#### Task description
From the first line to the last, return the data exactly, with no pictures.

Stored items:
####
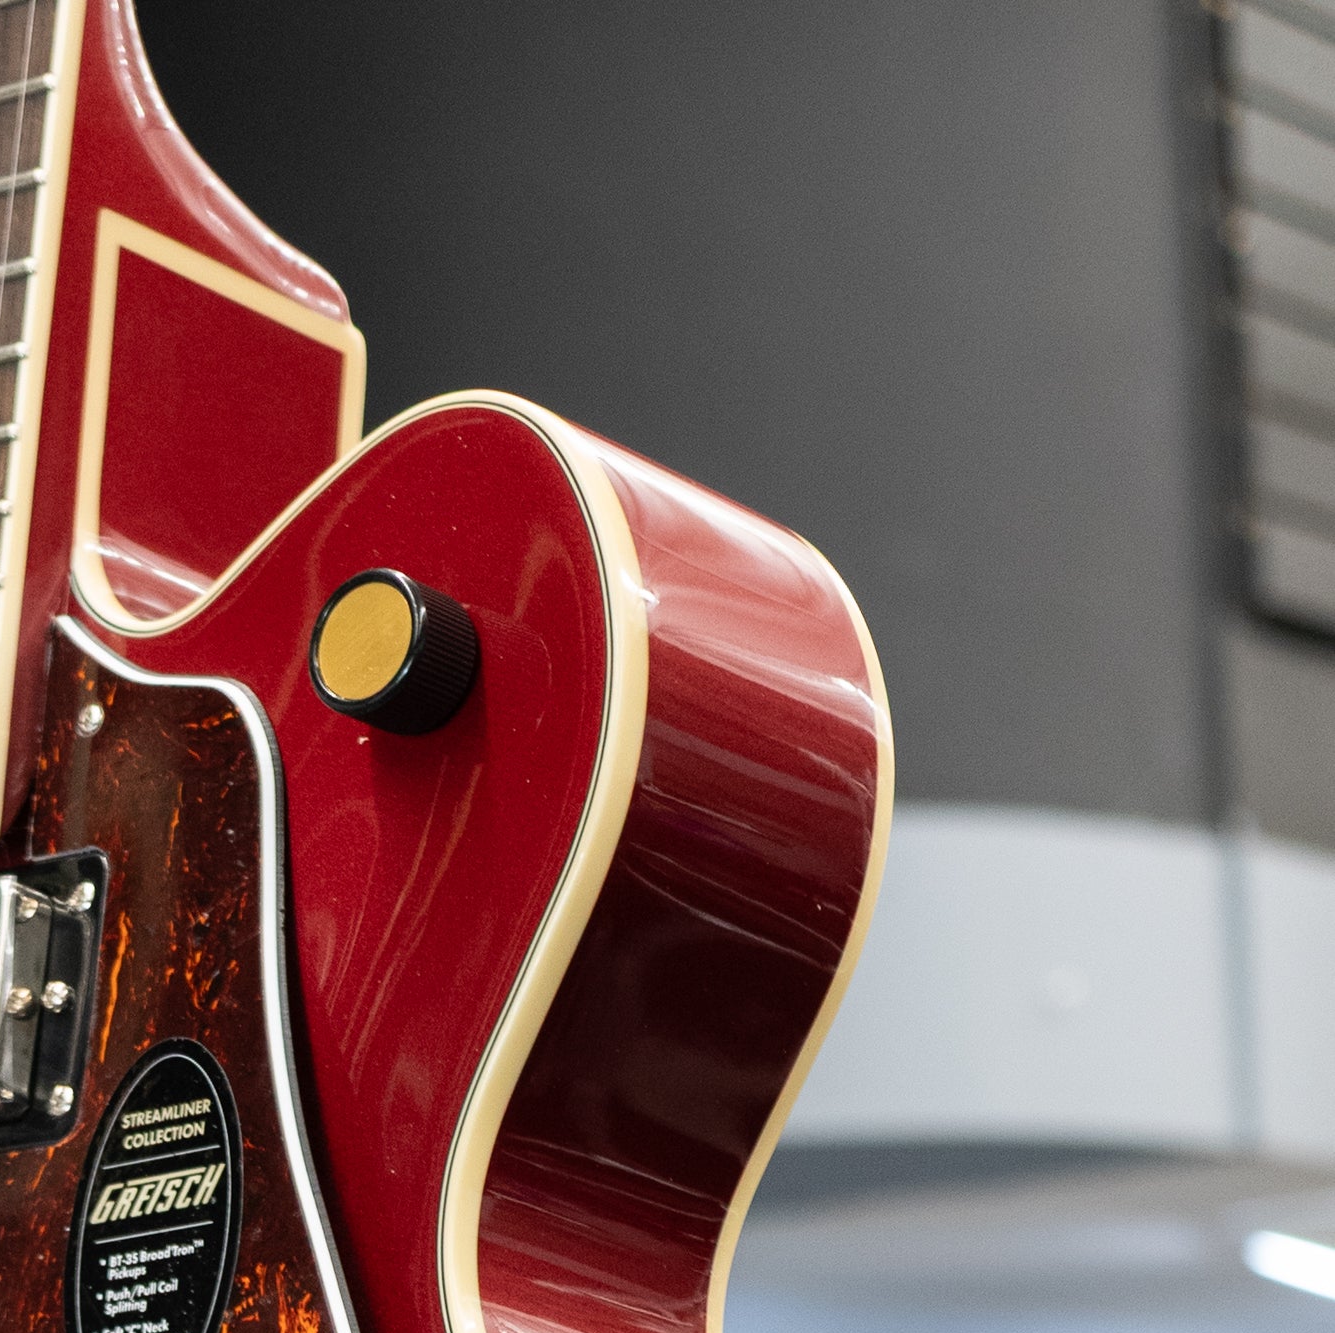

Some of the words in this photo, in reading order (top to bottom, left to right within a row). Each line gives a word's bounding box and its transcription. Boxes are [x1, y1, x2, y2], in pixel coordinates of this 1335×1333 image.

[121, 1099, 211, 1129] STREAMLINER
[123, 1121, 206, 1150] COLLECTION
[89, 1163, 226, 1225] GRETSCH
[107, 1266, 146, 1280] Pickups
[106, 1282, 157, 1302] Push/Pull
[158, 1278, 179, 1293] Coil
[104, 1300, 147, 1317] Splitting
[142, 1318, 169, 1333] Neck
####
#### Problem solution
Some of the words in this photo, in reading order (top to bottom, left to right within a row). Each line gives a word's bounding box and its transcription. Boxes are [x1, y1, x2, y2], in pixel coordinates of this 1335×1333 image.

[121, 1099, 211, 1129] STREAMLINER
[123, 1121, 206, 1150] COLLECTION
[89, 1163, 226, 1225] GRETSCH
[107, 1266, 146, 1280] Pickups
[106, 1282, 157, 1302] Push/Pull
[158, 1278, 179, 1293] Coil
[104, 1300, 147, 1317] Splitting
[142, 1318, 169, 1333] Neck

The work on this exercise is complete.